Après la fin de la «marche de l'espoir»
« Il faut rompre avec la politique du ‘laisser passer’ et pallier l’absence de coordination », ont proclamé les chefs d’Etats et de gouvernements de l’UE le 18 février 2016. Le sommet de l’UE s’est conclu par l’annonce d’une volonté de fermer complètement ce qu’on appelle la route des Balkans.
Près de 700 000 personnes avaient emprunté cette route en 2015 depuis la Grèce pour atteindre l’Allemagne voire la Scandinavie. Certes, au début de la décennie, la Grèce avait largement barré, avec l’aide de Frontex, la voie terrestre venant de la Turquie et traversant le fleuve Evros marquant la frontière entre les deux pays. Depuis le printemps 2015, on a toutefois assisté à une augmentation des personnes qui arrivaient sur les îles grecques de la mer Egée après un relativement court passage en mer depuis la côte turque. La plupart ont pu, sans être enregistrées, rejoindre la terre ferme avant de poursuivre leur route vers le nord – par la Macédoine du Nord et la Serbie jusqu’en Hongrie qui, dans un premier temps, ne les laissait pas continuer leur voyage. A fin août, il y avait des milliers de personnes bloquées à la gare Kelety de Budapest. Finalement, le 4 septembre, le gouvernement fédéral allemand a décidé de ne pas fermer ses frontières, mais d’accueillir les personnes en fuite. L’Autriche les a laissé passer et elles ont été acheminées dans des trains spéciaux de Budapest à Munich.
Le 15 septembre, la police hongroise a fermé la dernière partie de la clôture à la frontière avec la Serbie. La route des Balkans s’est alors déplacée vers l’ouest – par la Croatie et la Slovénie. Depuis mi-novembre, sous la pression de l’Autriche, les Etats de l’ouest des Balkans n’ont plus autorisé que le transit de personnes venant d’Irak, de Syrie ou d’Afghanistan. En mars 2016, le « long été de la migration » était passé. Depuis le 9 mars, seules les personnes munies d’un passeport et d’un visa peuvent traverser les frontières. Neuf jours plus tard, a suivi le deal sordide entre l’UE et la Turquie qui a désormais joué le rôle de garde-frontières de l’Europe.
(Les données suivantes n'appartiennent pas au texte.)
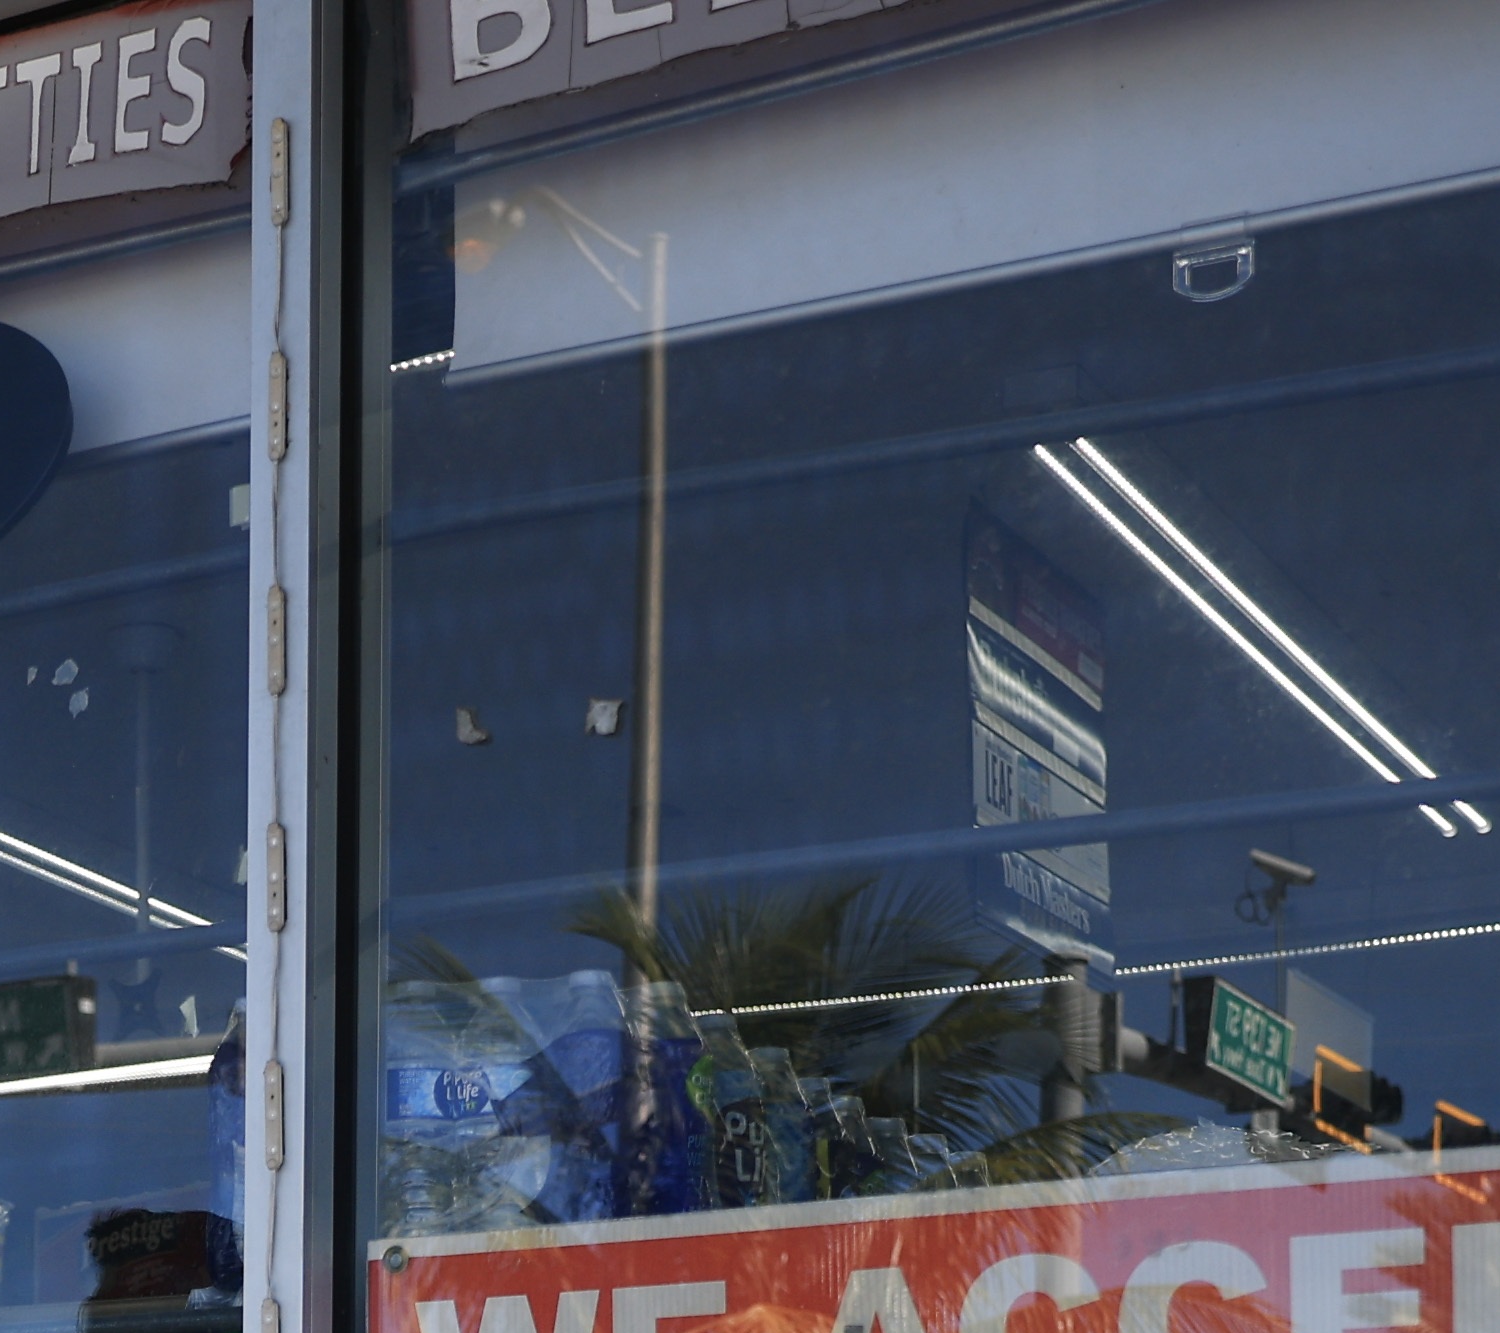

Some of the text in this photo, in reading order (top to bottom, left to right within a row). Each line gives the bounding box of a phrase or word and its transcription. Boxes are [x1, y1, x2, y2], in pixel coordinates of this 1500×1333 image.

[985, 750, 1013, 817] LEAF
[1002, 852, 1040, 905] Dutch
[457, 1083, 479, 1101] Life
Voies difficiles, conditions précaires
La « fermeture » de la route des Balkans et le deal avec la Turquie ont certes réduit le nombre de réfugié·e·s. Toutefois, la migration a subsisté et se poursuit – mais dans des conditions encore plus précaires et avec encore plus de violence de la part de la police et de services de sécurité privés. La route des Balkans initiale s’est transformée en toute une série de voies migratoires. Selon le HCR, de janvier à novembre 2019, près de 50 000 personnes sont arrivées dans l’ouest des Balkans dans des Etats non-membres de l’UE (Albanie, Macédoine du Nord, Kosovo, Serbie, Monténégro, Bosnie-Herzégovine). On ignore cependant totalement combien d’entre elles ont pu rejoindre l’UE – c’est-à-dire la Croatie ou un autre pays plus loin. La Croatie n’a certes pas construit de clôture à ses frontières, mais elle repousse les réfugié·e·s, souvent violemment, vers la Bosnie. Pour ses prestations à la frontière extérieure, cet Etat membre de l’UE devrait maintenant être admis dans le groupe de Schengen. Les voisins de l’autre côté de la frontière extérieure peuvent quant à eux compter sur une « aide » de Frontex.
Il n’empêche que la migration vers la Grèce continue. Plus de 42 000 réfugié·e·s ne peuvent pas quitter les îles. Il y en a près de 20 000 actuellement dans le camp Moria sur l’île de Lesbos, soit 15 000 de plus qu’en juillet 2019. En raison de l’urgence, le SEM a promis de l’aide à la Grèce : pour l’enregistrement et l’identification des requérant·e·s d’asile, pour les nouvelles procédures d’asile durcies, pour les « retours volontaires » ou pour la surveillance des frontières. Un deuxième centre pour mineur·e·s non accompagnés devrait être installé. Il se peut même que quelques-uns de ces enfants puissent venir dans notre Suisse humanitaire.